My dad’s family grew bananas on the Florida Keys in the late 1800’s-early 1900’s. I never knew the names of the varieties, but there were more than the Cavendish. We always referred to the short, fat, sweet ones as “Cuban bananas”, but I’ve also heard them called “pineapple bananas” and ‘finger bananas.”
Thanks to the Hispanic influence here in NC, we can now get many Caribbean fruits of my childhood, including various banana varieties, including red ones. And plantains, of course, which is a cooking ‘banana’.
So, even if the Cavenish disappears, while it would be a disappointment, it is not the end of the banana world.
The article didn’t get me thinking differently about GMOs either, because I already thought that it is not impossible that something good could be produced with genetic engineering, just as I believed that it is not impossible that something good could be done with Gates Foundation money. Of course, whether either of these is true in this case remains to be seen. Even if so, that wouldn’t tell us whether GMOs are a good thing in general.

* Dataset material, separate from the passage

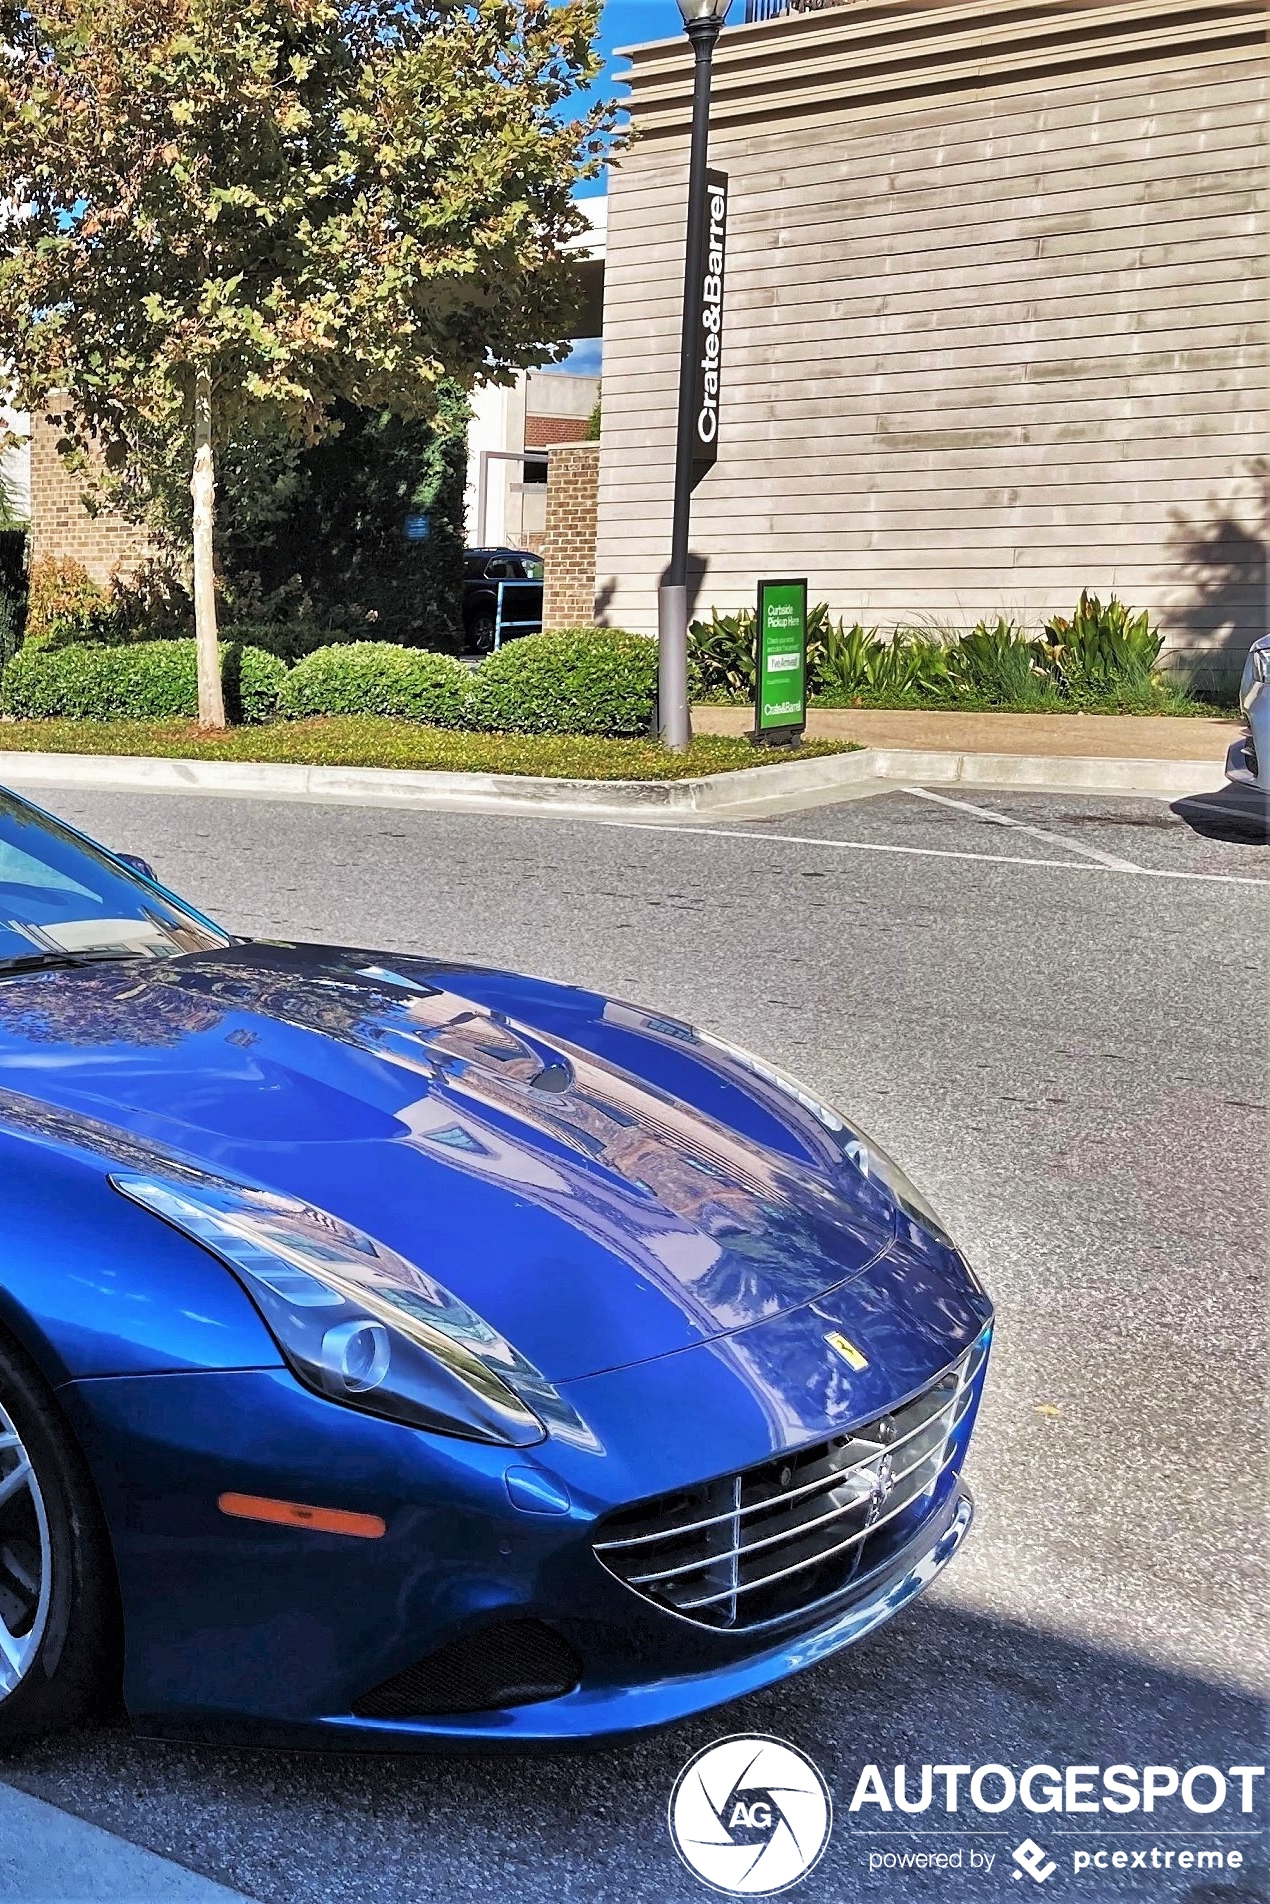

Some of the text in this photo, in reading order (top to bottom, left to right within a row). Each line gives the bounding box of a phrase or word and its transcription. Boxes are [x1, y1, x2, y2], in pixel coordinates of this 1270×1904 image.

The issue with the Cavendish is that it is the premier commercial banana grown today, so that for a while bananas will be a luxury product until a replacement is found. This primarily will impact North America and Europe as different cultivars (and more varied ones) are used in SE Asia where the plants originated.
I should clarify that the Cavendish is the sweet banana that in the U.S. is used mainly as a snack or dessert.
The vitamin-A banana is a more starchy variety that is more commonly called plantain that is used for cooking and is a dietary staple.
They are two different genetic problems.